When I first saw the news I was like "Oh, maybe my 5820k is finally worth replacing"

Looks at reviews..

Nope.
 
Probably throttling like a mofo would be my guess. Both Intel and AMD will need some serious cooling.

My 5960x at 4.8Ghz gave off 388 watts... can't wait for someone to delid/chill the 18 core intel.

For that 18 core chip I imagine you need a delid+ some kind of active cooling on the liquid to keep it well below uncomfortable temperatures, a pump and radiator won't cut it
 
Meanwhile for gaming this is completely irrelevant.
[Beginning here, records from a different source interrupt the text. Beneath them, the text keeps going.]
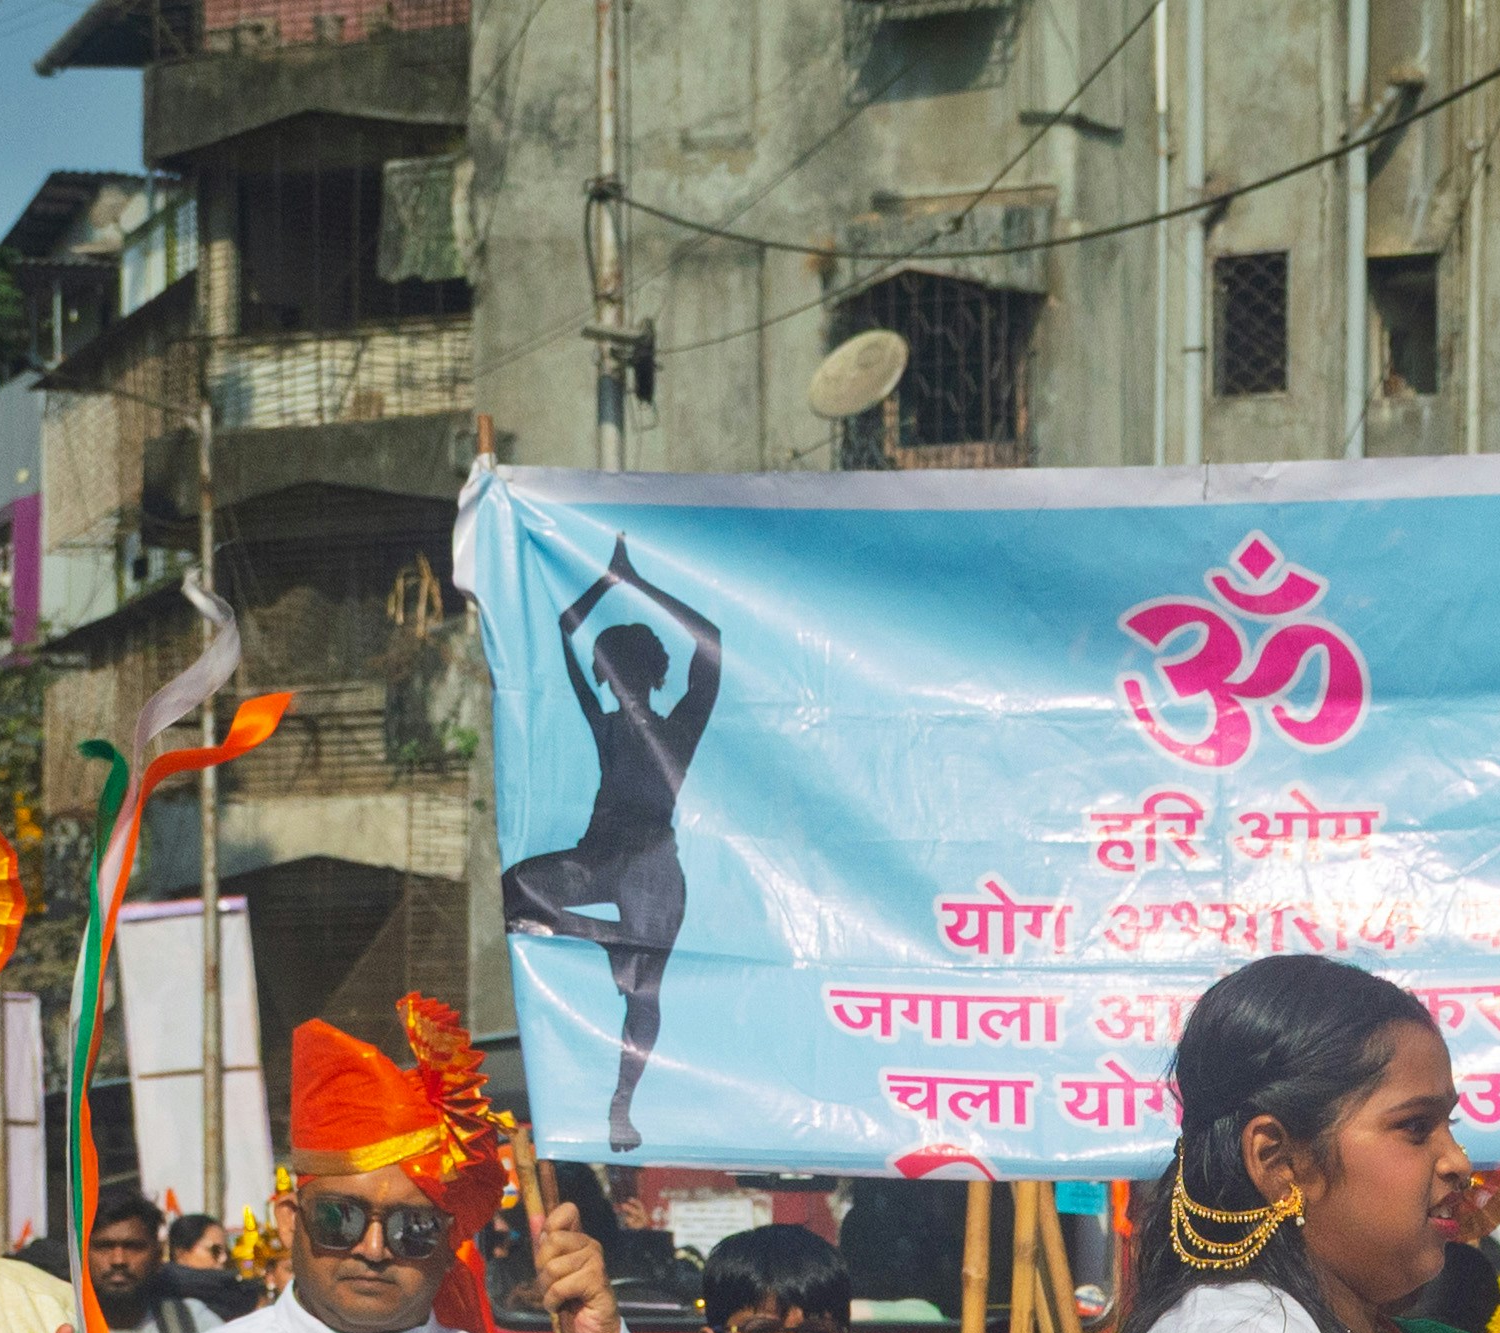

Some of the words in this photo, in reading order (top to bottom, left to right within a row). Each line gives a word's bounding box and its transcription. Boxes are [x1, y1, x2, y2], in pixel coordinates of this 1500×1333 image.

[1090, 791, 1204, 872] हरि
[1234, 789, 1380, 861] ओम
[942, 880, 1073, 954] योग
[829, 989, 1065, 1043] जगाला
[886, 1073, 1034, 1125] चला
When I first saw the news I was like "Oh, maybe my 5820k is finally worth replacing"

Looks at reviews..

Nope.

How is this irrelevant? This is basically promising the gaming performance of a 7700k combined with the multicolore performance of a 10 core chip.

This is fantastic
 
For that 18 core chip I imagine you need a delid+ some kind of active cooling on the liquid to keep it well below uncomfortable temperatures, a pump and radiator won't cut it

Yeah, I have a 9x140mm rad I got from someone here.
I also have the equipment for about 2.5kW of peltiers. (Can keep around 1200 watts at 5C)

Problem is I don't have any need for a $2k CPU :(
 
Yeah, I have a 9x140mm rad I got from someone here.
I also have the equipment for about 2.5kW of peltiers. (Can keep around 1200 watts at 5C)

Problem is I don't have any need for a $2k CPU :(

You also need waterblocks to cool the Peltiers, and the Peltiers to cool the waterblocks that cool the Peltiers, and...
 
For that 18 core chip I imagine you need a delid+ some kind of active cooling on the liquid to keep it well below uncomfortable temperatures, a pump and radiator won't cut it

actually, its really just a matter of how much radiator you have. Water is an excellent thermal transfer compound, a 420/480 radiator can ~800 watts of dissipation @ ~10c delta with 1500ish rpm fans. Dissipation basically scales linearly with total radiator area. Standard PC watercooling and pumps are perfectly capable of dissipating literally thousands of watts if you hook enough radiators together.
 
actually, its really just a matter of how much radiator you have. Water is an excellent thermal transfer compound, a 420/480 radiator can ~800 watts of dissipation @ ~10c delta with 1500ish rpm fans. Dissipation basically scales linearly with total radiator area. Standard PC watercooling and pumps are perfectly capable of dissipating literally thousands of watts if you hook enough radiators together.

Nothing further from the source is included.